**SOURCE DATA**
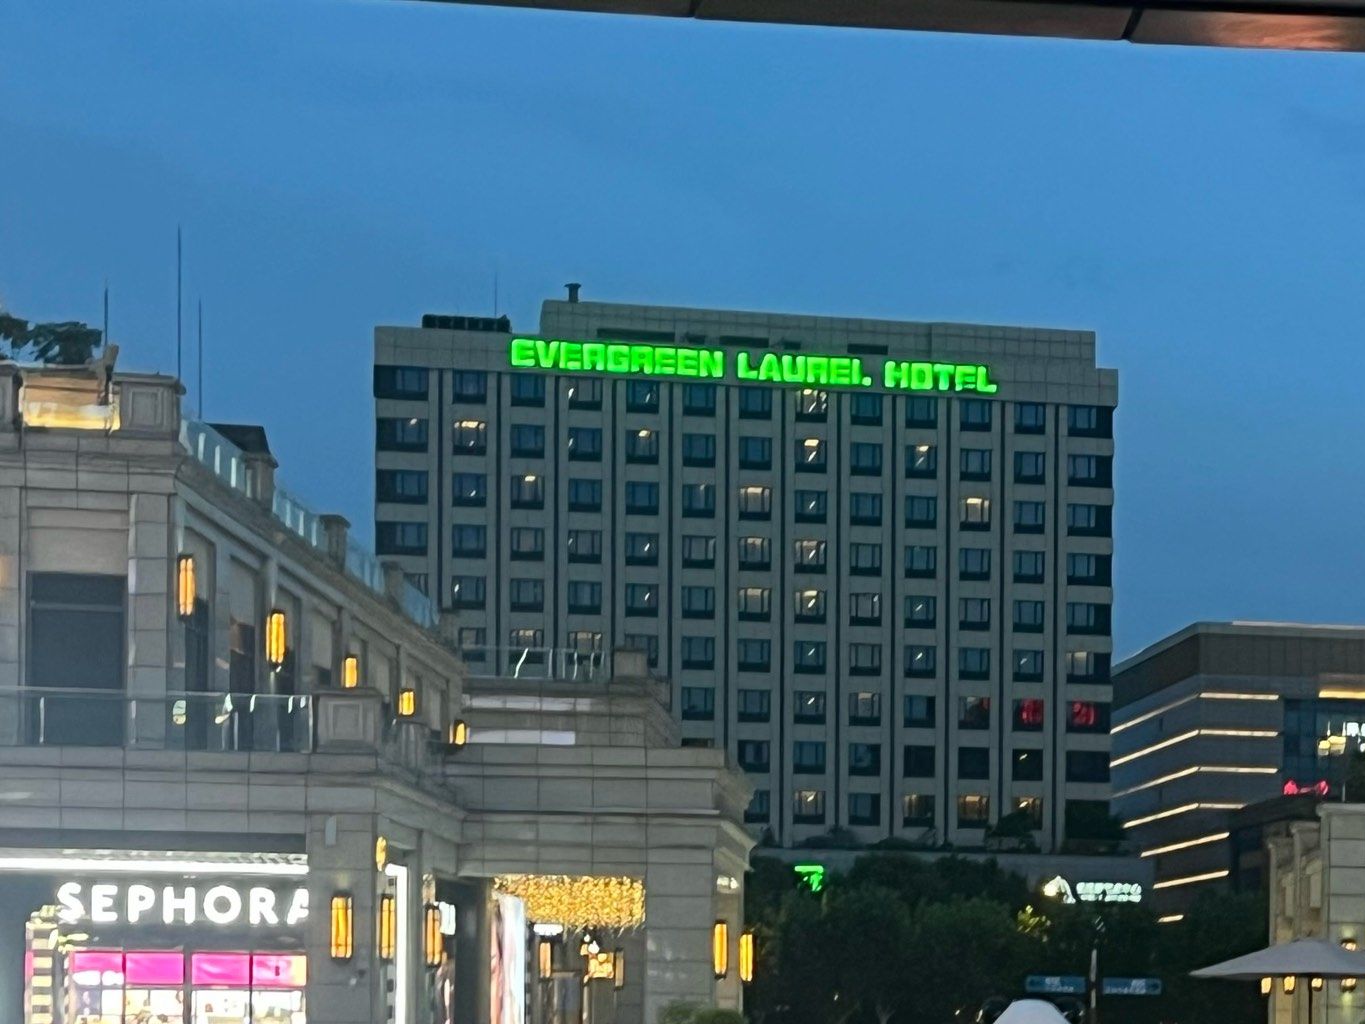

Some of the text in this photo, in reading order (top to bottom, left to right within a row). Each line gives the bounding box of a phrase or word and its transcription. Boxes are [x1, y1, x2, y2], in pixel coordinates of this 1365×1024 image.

[511, 339, 998, 393] EVERGREEN LAUREL HOTEL
[56, 882, 310, 925] SEPHORA
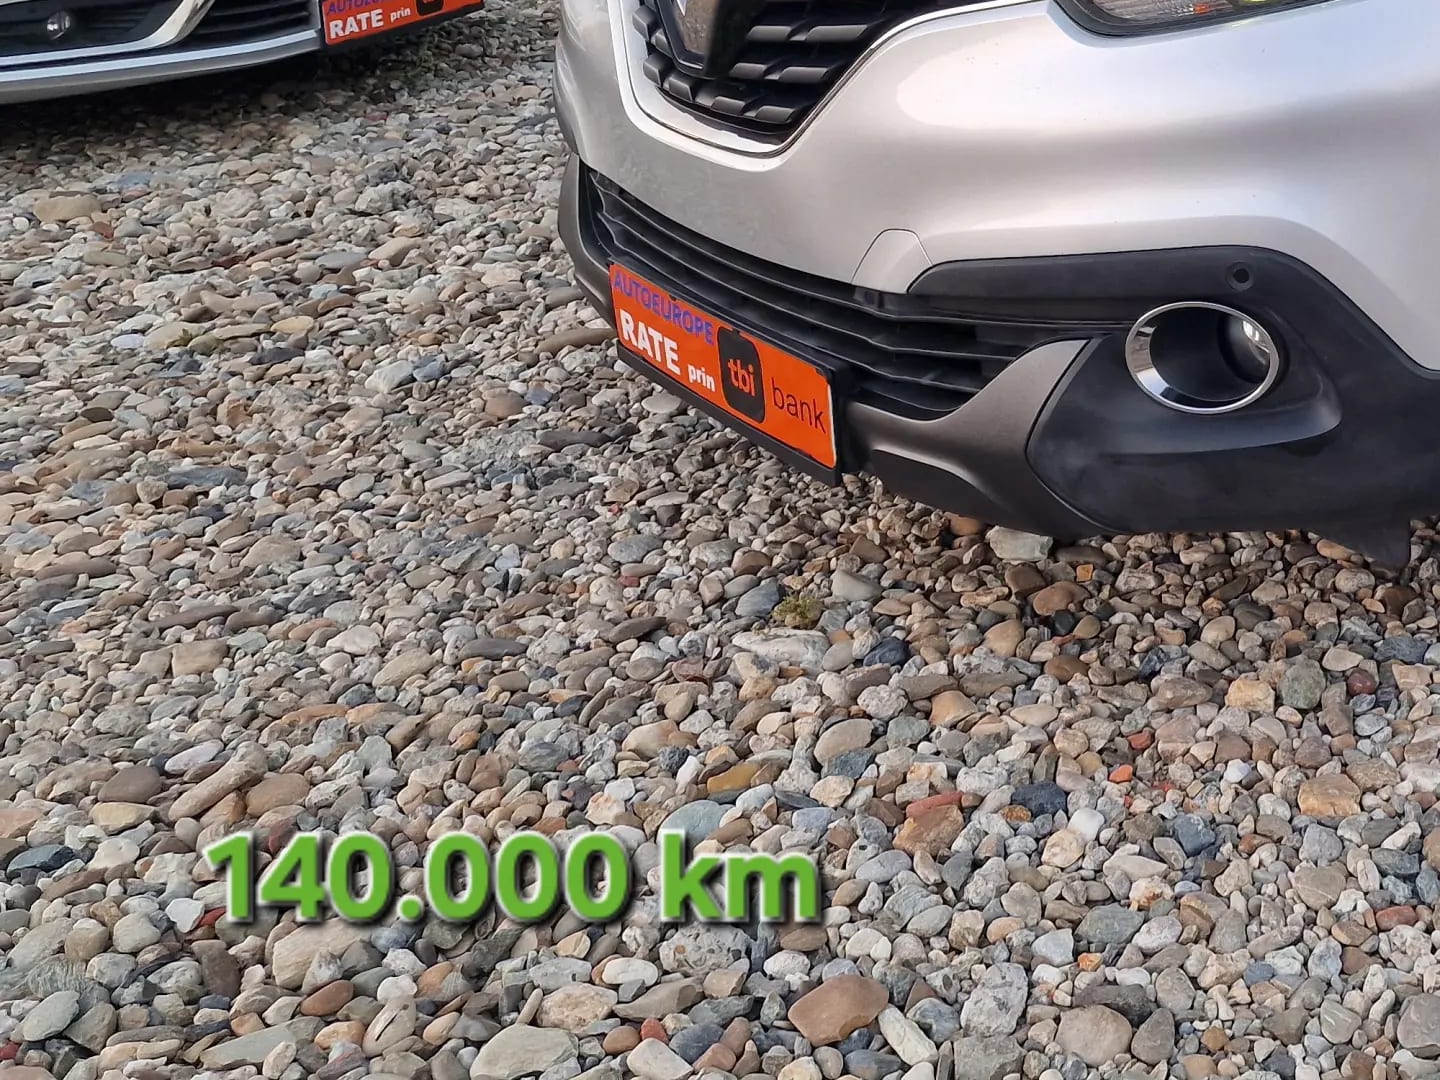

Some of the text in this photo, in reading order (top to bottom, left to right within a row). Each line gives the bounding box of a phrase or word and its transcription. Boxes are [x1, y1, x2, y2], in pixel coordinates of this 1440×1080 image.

[329, 8, 384, 39] RATE
[390, 7, 411, 23] prin
[613, 271, 715, 346] AUTOEUROPE
[619, 309, 827, 434] RATE prin tbi bank

**GOAL OF THE EXERCISE**
Leave out the pictures and print every line of the data exactly.

**RESULT OF THIS EXERCISE**
Some of the text in this photo, in reading order (top to bottom, left to right within a row). Each line gives the bounding box of a phrase or word and its transcription. Boxes are [x1, y1, x2, y2], in pixel coordinates of this 1365×1024 image.

[511, 339, 998, 393] EVERGREEN LAUREL HOTEL
[56, 882, 310, 925] SEPHORA

Some of the text in this photo, in reading order (top to bottom, left to right within a row). Each line gives the bounding box of a phrase or word and its transcription. Boxes are [x1, y1, x2, y2], in pixel coordinates of this 1440×1080 image.

[329, 8, 384, 39] RATE
[390, 7, 411, 23] prin
[613, 271, 715, 346] AUTOEUROPE
[619, 309, 827, 434] RATE prin tbi bank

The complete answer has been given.